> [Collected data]
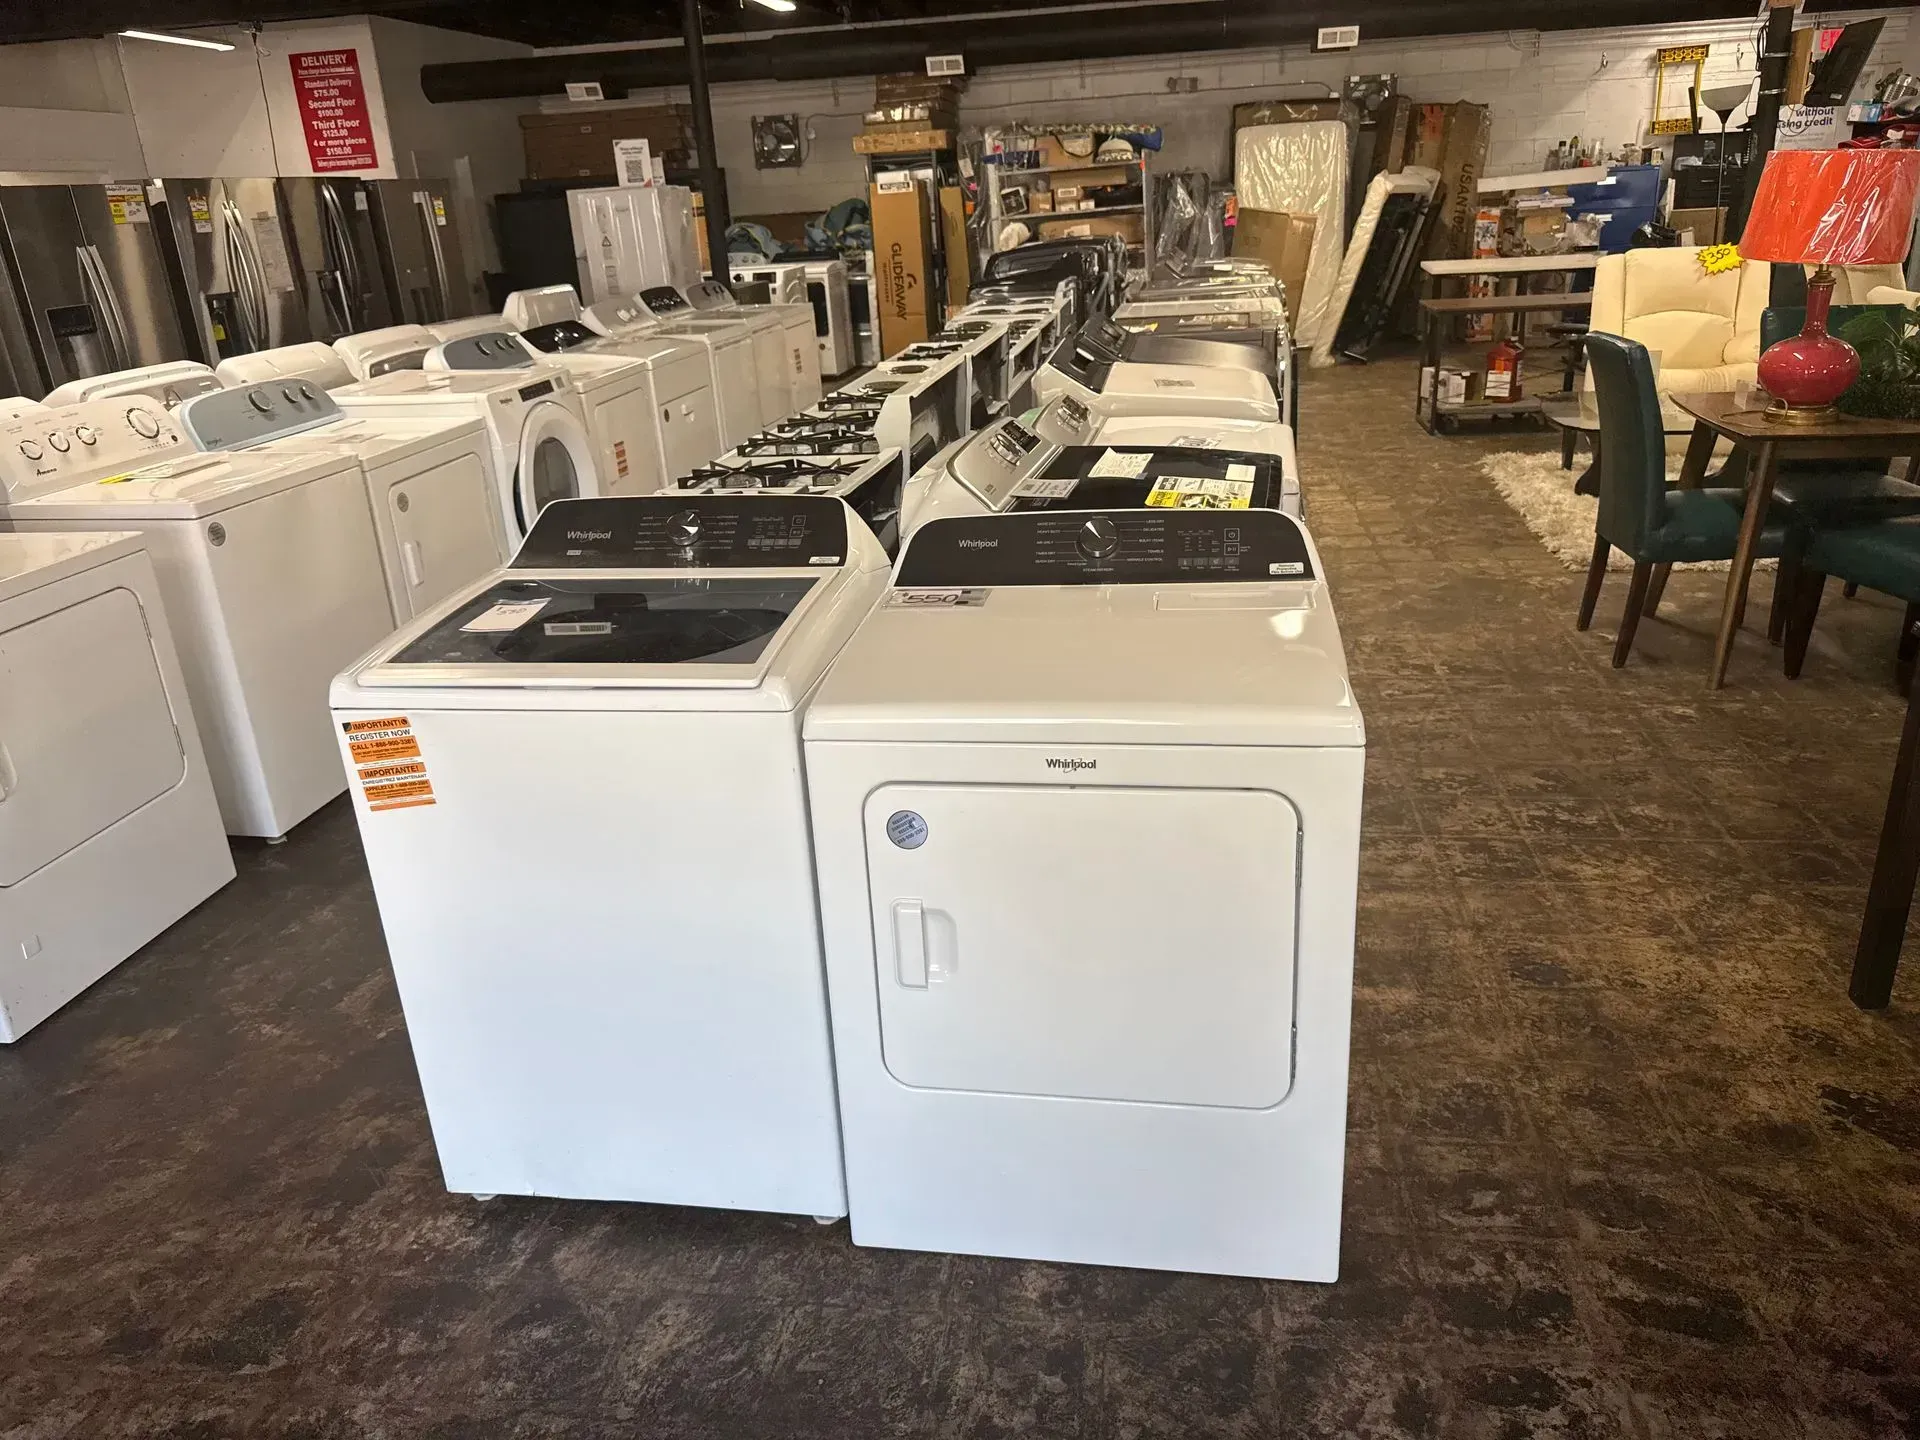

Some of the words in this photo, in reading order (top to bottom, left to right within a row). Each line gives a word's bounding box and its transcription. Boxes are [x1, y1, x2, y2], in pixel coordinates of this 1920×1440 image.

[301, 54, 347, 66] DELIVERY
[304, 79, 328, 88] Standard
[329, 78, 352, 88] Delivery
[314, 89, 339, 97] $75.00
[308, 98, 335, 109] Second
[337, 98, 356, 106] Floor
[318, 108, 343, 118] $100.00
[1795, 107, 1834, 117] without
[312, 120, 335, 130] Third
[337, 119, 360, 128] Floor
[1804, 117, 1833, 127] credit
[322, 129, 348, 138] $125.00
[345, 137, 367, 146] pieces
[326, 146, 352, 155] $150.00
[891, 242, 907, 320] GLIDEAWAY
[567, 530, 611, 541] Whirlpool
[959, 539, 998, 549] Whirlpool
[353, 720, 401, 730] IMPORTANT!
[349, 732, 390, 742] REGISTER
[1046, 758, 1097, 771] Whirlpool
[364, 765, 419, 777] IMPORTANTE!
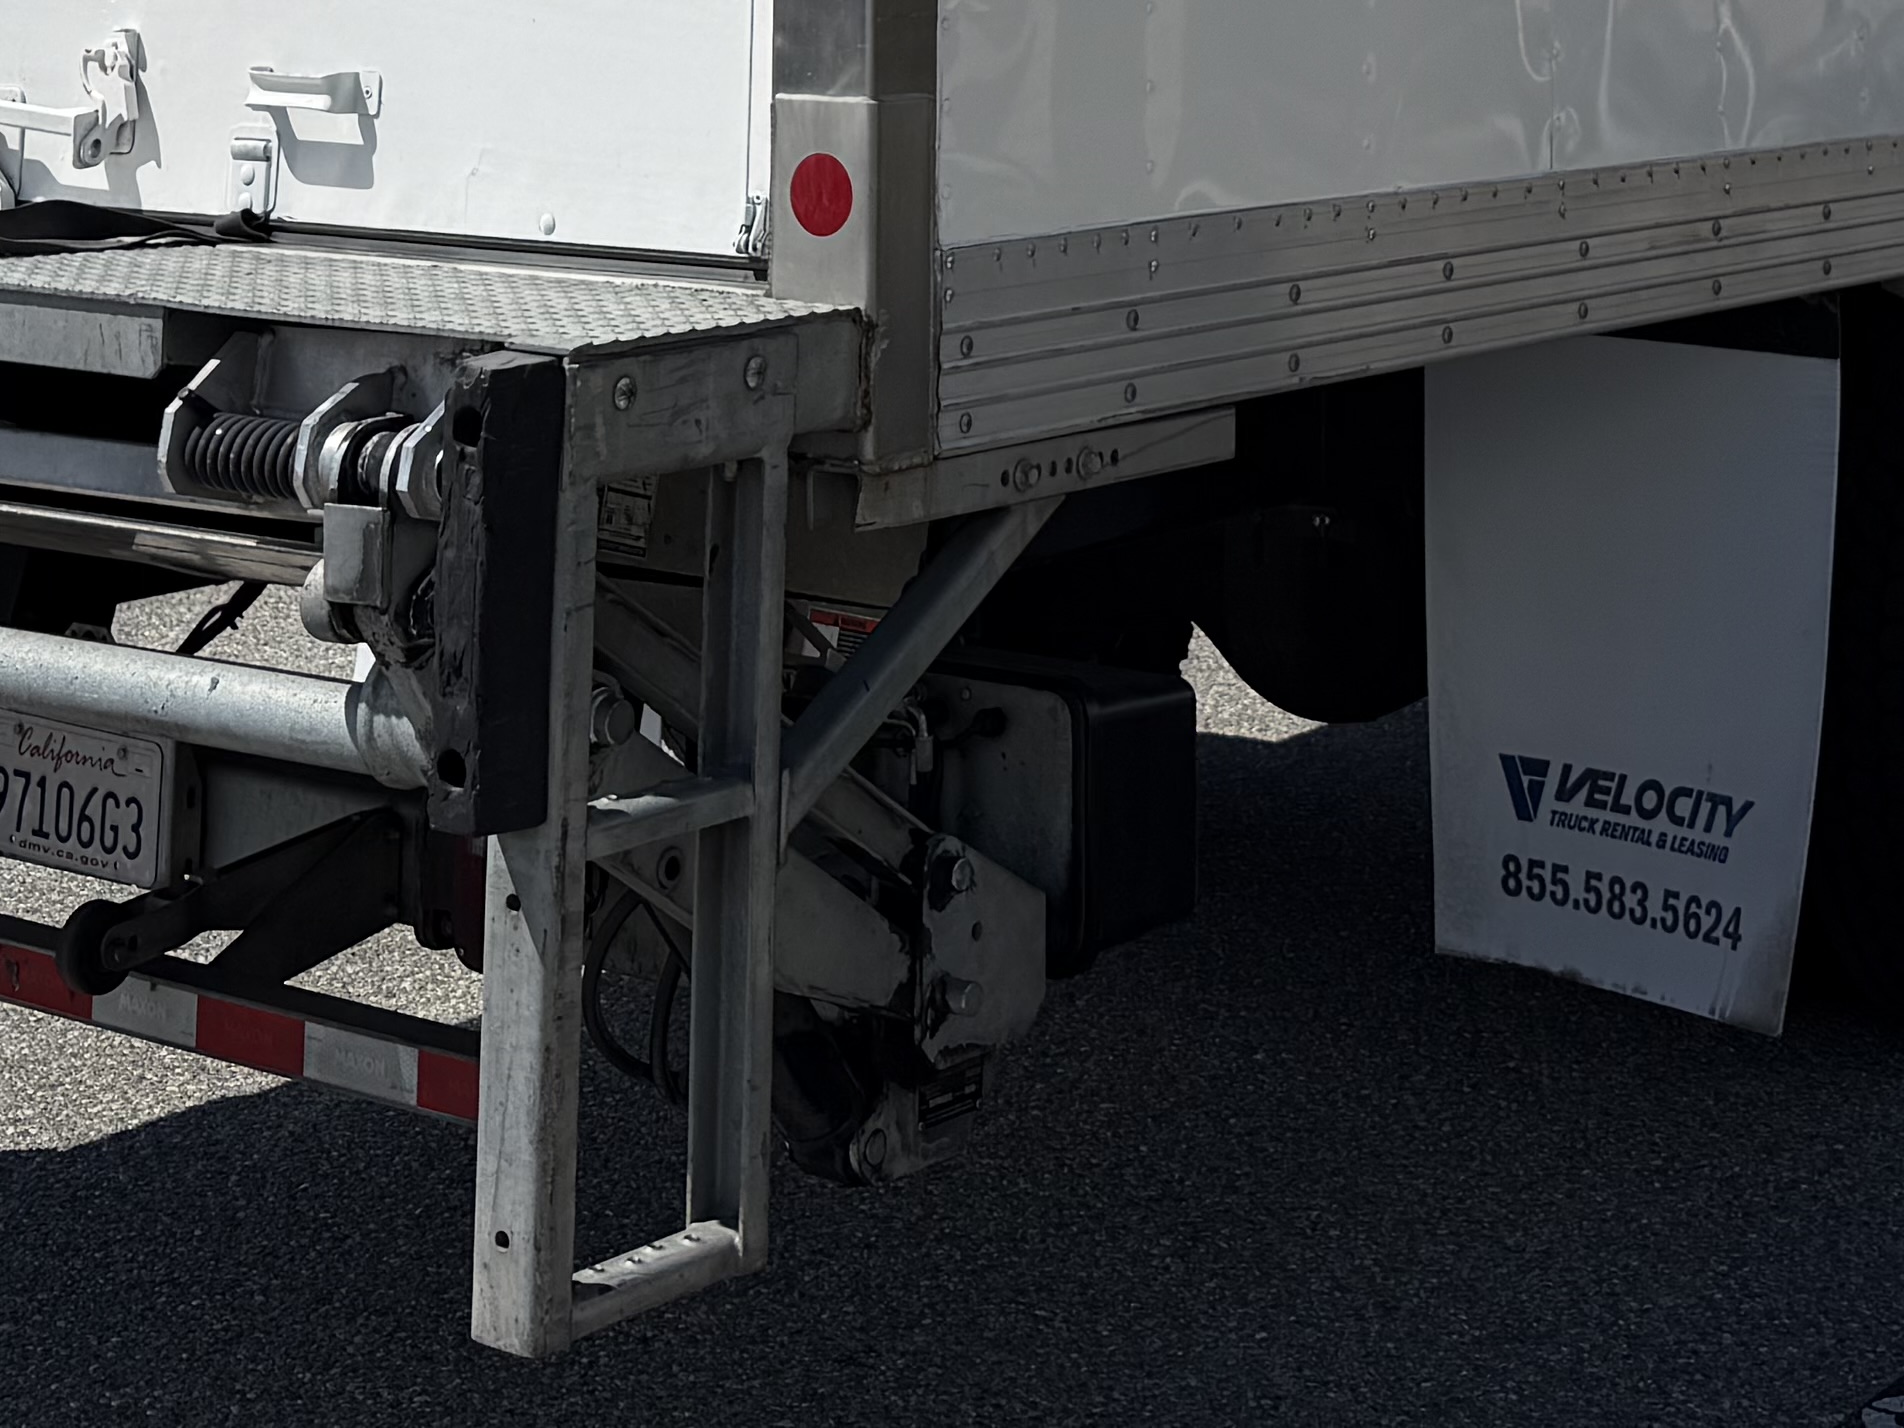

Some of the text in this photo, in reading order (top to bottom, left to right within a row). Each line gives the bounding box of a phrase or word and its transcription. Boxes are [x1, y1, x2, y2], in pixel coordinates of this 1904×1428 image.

> [About this task] Without the images, print all of the lines above exactly.

> [Written answer]
Some of the words in this photo, in reading order (top to bottom, left to right within a row). Each line gives a word's bounding box and its transcription. Boxes are [x1, y1, x2, y2], in pixel coordinates of this 1920×1440 image.

[301, 54, 347, 66] DELIVERY
[304, 79, 328, 88] Standard
[329, 78, 352, 88] Delivery
[314, 89, 339, 97] $75.00
[308, 98, 335, 109] Second
[337, 98, 356, 106] Floor
[318, 108, 343, 118] $100.00
[1795, 107, 1834, 117] without
[312, 120, 335, 130] Third
[337, 119, 360, 128] Floor
[1804, 117, 1833, 127] credit
[322, 129, 348, 138] $125.00
[345, 137, 367, 146] pieces
[326, 146, 352, 155] $150.00
[891, 242, 907, 320] GLIDEAWAY
[567, 530, 611, 541] Whirlpool
[959, 539, 998, 549] Whirlpool
[353, 720, 401, 730] IMPORTANT!
[349, 732, 390, 742] REGISTER
[1046, 758, 1097, 771] Whirlpool
[364, 765, 419, 777] IMPORTANTE!

Some of the text in this photo, in reading order (top to bottom, left to right within a row). Each line gives the bounding box of a phrase or word and its transcription. Boxes are [x1, y1, x2, y2], in pixel coordinates of this 1904×1428 image.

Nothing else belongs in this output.